What follows is a set of records, each of which is to be written out exactly.

** Opening Information block **

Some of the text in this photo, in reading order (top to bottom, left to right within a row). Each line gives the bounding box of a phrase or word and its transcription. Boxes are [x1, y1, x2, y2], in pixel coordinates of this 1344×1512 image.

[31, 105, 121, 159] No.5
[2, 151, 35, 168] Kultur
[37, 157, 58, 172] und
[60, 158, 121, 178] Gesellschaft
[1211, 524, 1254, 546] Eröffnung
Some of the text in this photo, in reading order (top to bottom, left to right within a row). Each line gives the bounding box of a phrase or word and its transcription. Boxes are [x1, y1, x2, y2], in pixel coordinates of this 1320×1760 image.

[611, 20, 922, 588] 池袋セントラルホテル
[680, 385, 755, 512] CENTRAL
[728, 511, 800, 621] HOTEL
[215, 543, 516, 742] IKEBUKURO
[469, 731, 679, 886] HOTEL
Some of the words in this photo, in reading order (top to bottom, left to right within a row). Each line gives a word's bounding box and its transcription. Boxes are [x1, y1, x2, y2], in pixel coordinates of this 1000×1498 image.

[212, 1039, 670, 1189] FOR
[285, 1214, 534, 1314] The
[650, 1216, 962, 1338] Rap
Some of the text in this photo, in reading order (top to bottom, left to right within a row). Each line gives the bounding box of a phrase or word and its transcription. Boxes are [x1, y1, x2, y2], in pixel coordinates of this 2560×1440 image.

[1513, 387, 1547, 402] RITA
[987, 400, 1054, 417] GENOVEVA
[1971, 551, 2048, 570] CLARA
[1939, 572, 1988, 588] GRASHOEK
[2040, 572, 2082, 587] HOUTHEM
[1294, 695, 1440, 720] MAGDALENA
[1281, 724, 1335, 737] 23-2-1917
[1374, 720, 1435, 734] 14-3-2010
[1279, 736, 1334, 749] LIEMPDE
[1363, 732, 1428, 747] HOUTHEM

** Closing Information block **

→ Task response
Some of the text in this photo, in reading order (top to bottom, left to right within a row). Each line gives the bounding box of a phrase or word and its transcription. Boxes are [x1, y1, x2, y2], in pixel coordinates of this 1344×1512 image.

[31, 105, 121, 159] No.5
[2, 151, 35, 168] Kultur
[37, 157, 58, 172] und
[60, 158, 121, 178] Gesellschaft
[1211, 524, 1254, 546] Eröffnung
Some of the text in this photo, in reading order (top to bottom, left to right within a row). Each line gives the bounding box of a phrase or word and its transcription. Boxes are [x1, y1, x2, y2], in pixel coordinates of this 1320×1760 image.

[611, 20, 922, 588] 池袋セントラルホテル
[680, 385, 755, 512] CENTRAL
[728, 511, 800, 621] HOTEL
[215, 543, 516, 742] IKEBUKURO
[469, 731, 679, 886] HOTEL
Some of the words in this photo, in reading order (top to bottom, left to right within a row). Each line gives a word's bounding box and its transcription. Boxes are [x1, y1, x2, y2], in pixel coordinates of this 1000×1498 image.

[212, 1039, 670, 1189] FOR
[285, 1214, 534, 1314] The
[650, 1216, 962, 1338] Rap
Some of the text in this photo, in reading order (top to bottom, left to right within a row). Each line gives the bounding box of a phrase or word and its transcription. Boxes are [x1, y1, x2, y2], in pixel coordinates of this 2560×1440 image.

[1513, 387, 1547, 402] RITA
[987, 400, 1054, 417] GENOVEVA
[1971, 551, 2048, 570] CLARA
[1939, 572, 1988, 588] GRASHOEK
[2040, 572, 2082, 587] HOUTHEM
[1294, 695, 1440, 720] MAGDALENA
[1281, 724, 1335, 737] 23-2-1917
[1374, 720, 1435, 734] 14-3-2010
[1279, 736, 1334, 749] LIEMPDE
[1363, 732, 1428, 747] HOUTHEM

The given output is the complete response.